Afghanistan’s fourth-largest city Mazar-i-Sharif falls to Taliban, sources say


Taliban fighters sit on the back of a vehicle in Herat, Afghanistan, on August 14, 2021. Hamed Sarfarazi/AP

Over the last week, the Taliban has made significant gains across Afghanistan and now control over half of the country’s provincial capitals. Cities like Kandahar, Herat and Kunduz are among those now under control of the Taliban, whose fighters are circling ever closer to the capital, Kabul.

CNN spoke to Afghans in Herat and Kunduz, where some said the Taliban had brought a sense of quiet after weeks of fighting, while others expressed fear.

Ismahel is a 40-year-old shopkeeper in the city of Herat, Afghanistan’s third-largest city and a major urban center in western Afghanistan. He tells CNN normality is returning to the city after the tumult of its fall to the Taliban on Thursday evening.

“[The] entire city is back to normal, people are living normally [and] shops are all open,” Ismahel says, adding that he has seen women dressed in burqas resuming their daily lives too.

He recalled a friend visiting his shop on Thursday warning of the Taliban’s encroachment and suggesting they flee the city.

“We closed the shops and went home.
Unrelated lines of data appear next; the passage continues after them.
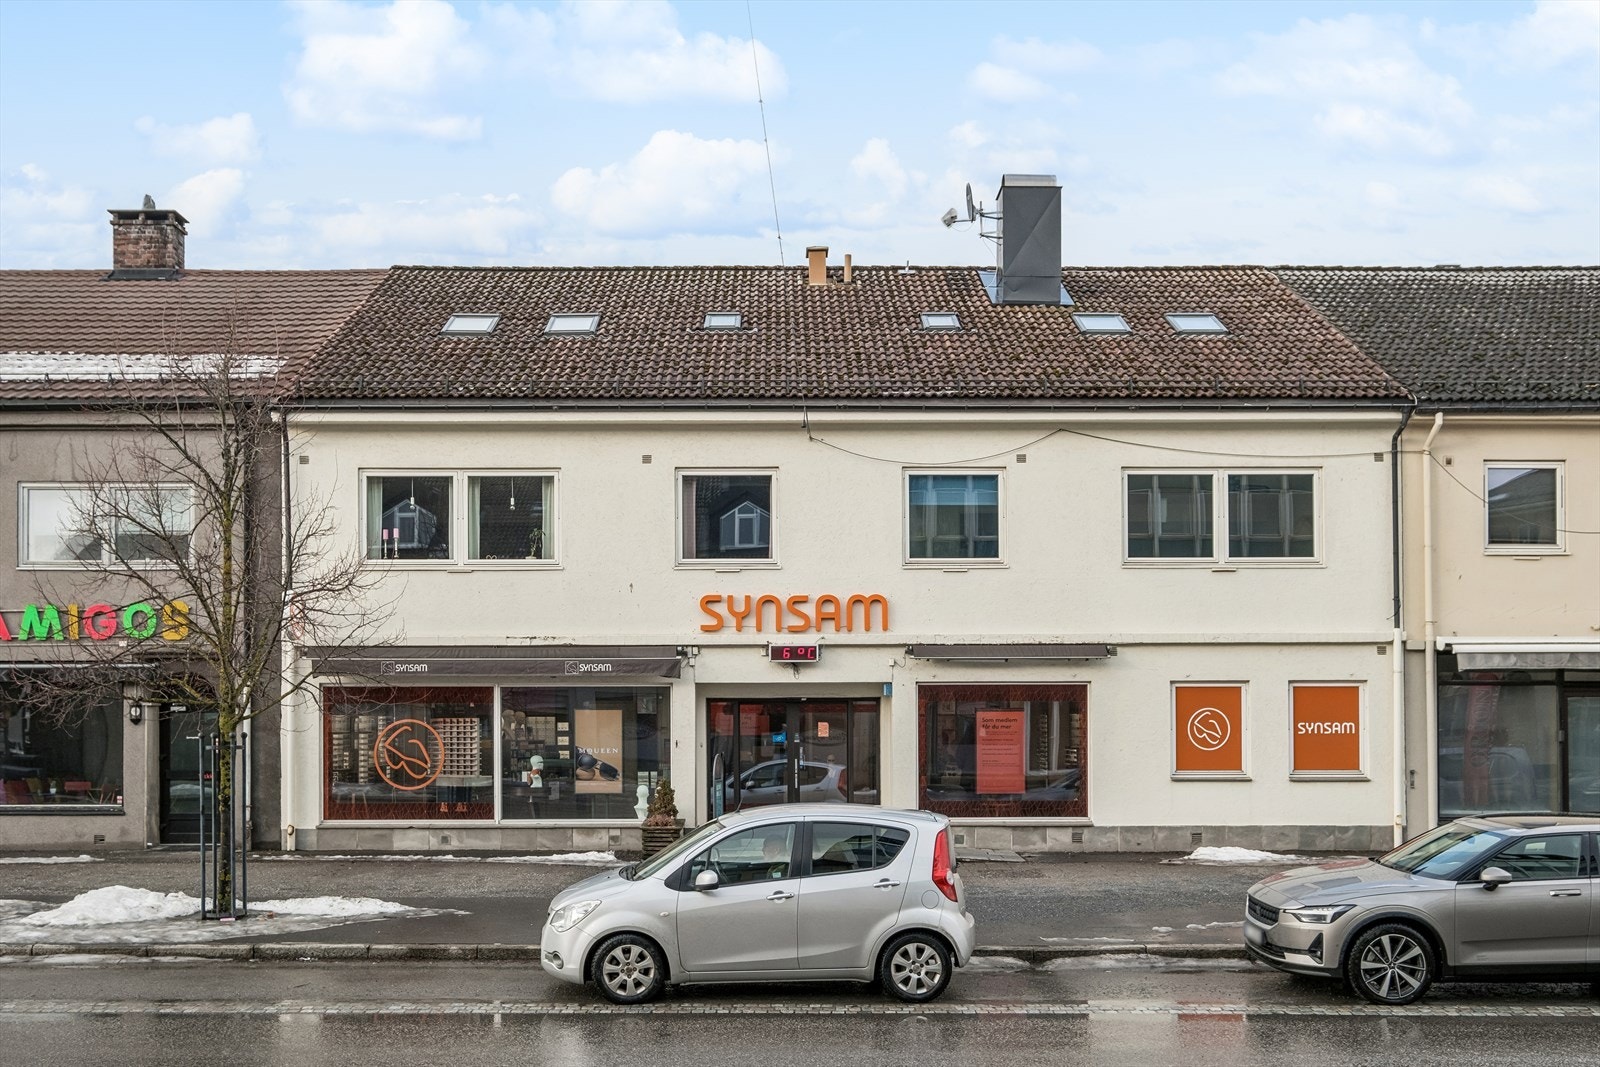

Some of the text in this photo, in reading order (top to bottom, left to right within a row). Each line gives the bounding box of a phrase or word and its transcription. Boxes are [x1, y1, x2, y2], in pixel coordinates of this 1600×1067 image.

[700, 595, 888, 633] SYNSAM
[783, 647, 791, 659] 6
[395, 663, 428, 672] SYNSAM
[579, 663, 612, 672] SYNSAM
[1297, 722, 1356, 735] SYNSAM
Afterwards, we saw that the city fell to the Taliban,” he said. “Today is the first day so students didn’t go to school, but government employees went to their offices.”

He added that some people were happy that fighting and “the sounds of bullets” had stopped after a month.

“We feel good after the war finished,” he said.

But people in Herat are also likely living in fear, and many would be hesitant to express criticism of the Taliban in such early days of its control.

In Kunduz, the first city to be taken, 31-year-old resident Atiqullah says people are adapting to the transition of power but remain fearful.

“Still people are having fear, although we were told by the Taliban not to be afraid,” Atiqullah tells CNN.

He adds that some women are going out and have been told to wear burqas, while teachers have been told to return to schools, though the Taliban has said only male teachers should educate boys and female teachers tutor girls.